The new demand was driven mainly by an increased demand for vegetable seeds. Apparently, something similar happened during the 2008 economic crisis.

A darker possibility is that people, driven by some apocalyptic vision, are hoarding seeds, just like they hoarded flour and toilet paper. Apparently some people are buying in quantities that they could never use, certainly not in a single season. Are people driven by the prospect of phantom food shortages, shortages that are nowhere on the horizon?

How many of these seeds are going to end up in a drawer somewhere, never to see the light of day?

download (1)
Please don’t hoard toilet paper. Or seeds.


You have to wonder how many of these purchasers are experienced vegetable gardeners – though the more gardeners, of course, the better.  And are they aware that they can save their own seeds from standard or heirloom varieties?
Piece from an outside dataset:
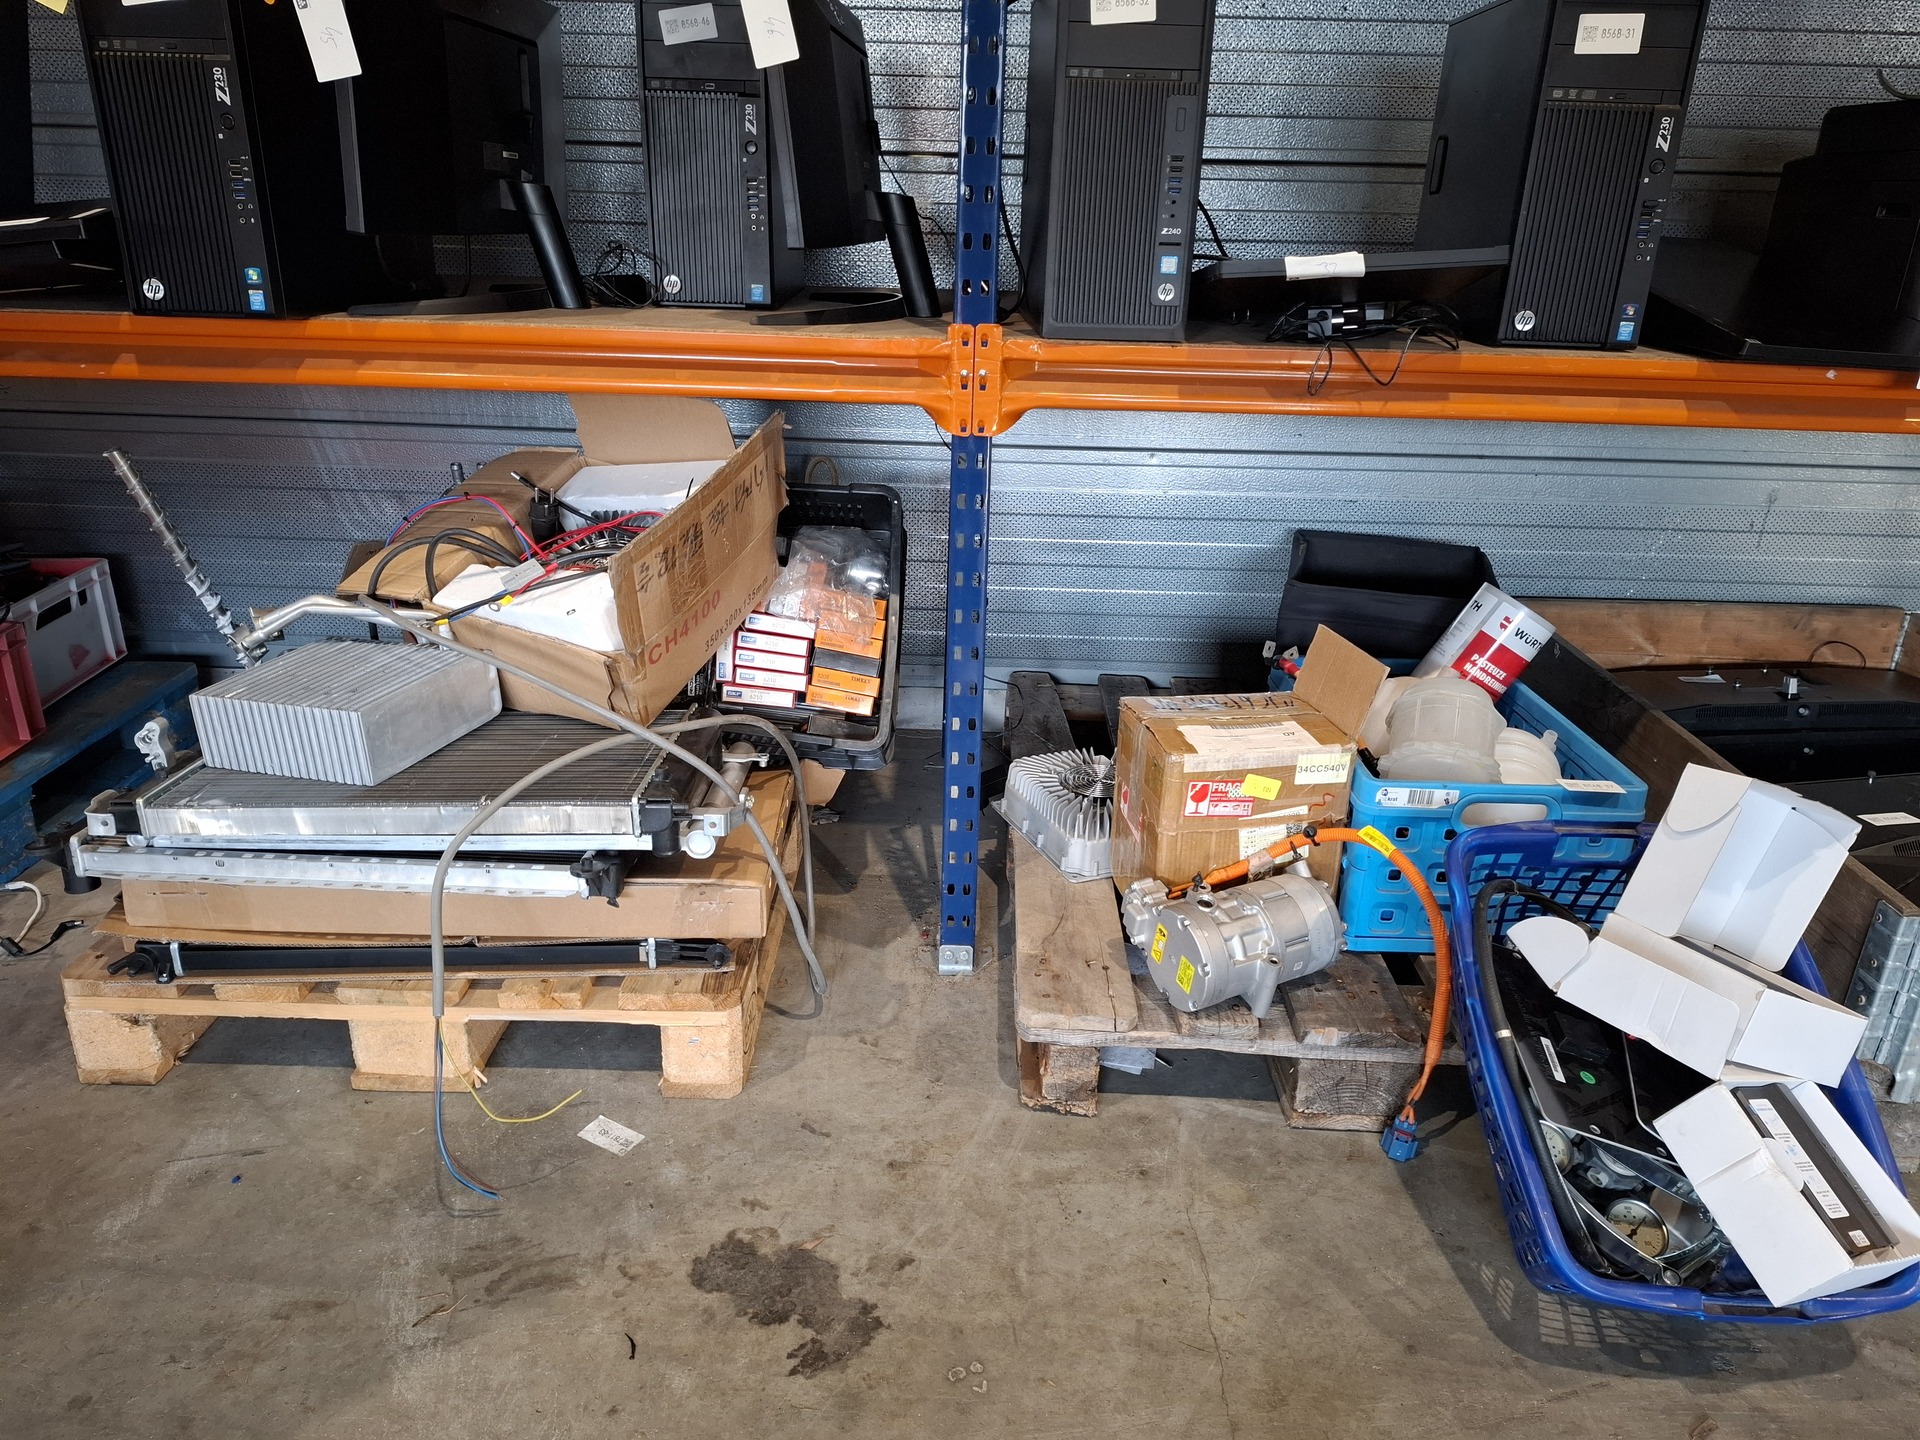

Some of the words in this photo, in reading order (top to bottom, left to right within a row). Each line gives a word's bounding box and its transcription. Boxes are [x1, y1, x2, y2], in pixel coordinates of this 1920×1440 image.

Still. I’m choosing to consider the seed shortages to be a positive development, on balance. People are coping with stress and isolation by doing something beneficial at home, many for the first time.
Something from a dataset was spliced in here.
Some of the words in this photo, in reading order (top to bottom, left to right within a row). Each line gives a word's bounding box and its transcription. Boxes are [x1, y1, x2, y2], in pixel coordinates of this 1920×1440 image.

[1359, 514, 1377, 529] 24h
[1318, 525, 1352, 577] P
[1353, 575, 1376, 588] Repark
The seed shortage hasn’t affected us too badly. In our garden, herbs are the only edibles we grow these days. Otherwise, we’re all about the flowers (although some of those are edible, actually).
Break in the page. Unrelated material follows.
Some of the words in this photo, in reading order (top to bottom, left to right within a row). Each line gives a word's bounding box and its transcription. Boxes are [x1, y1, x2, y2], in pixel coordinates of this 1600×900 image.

And for those who are panic buying: please just calm down and don’t buy more seeds than you will actually use.



60 Comments on “Where Have All the Seeds Gone?”

  1. Thanks for the link to that interesting article. I must admit that anxiety drove me to order a second batch of seeds from Pinetree, that I was warned would be slower to ship than usual. My garden is pretty much all ornamental except for herbs, but I used to be able to grow veg, so I hope I can again, at least a nice fresh salad.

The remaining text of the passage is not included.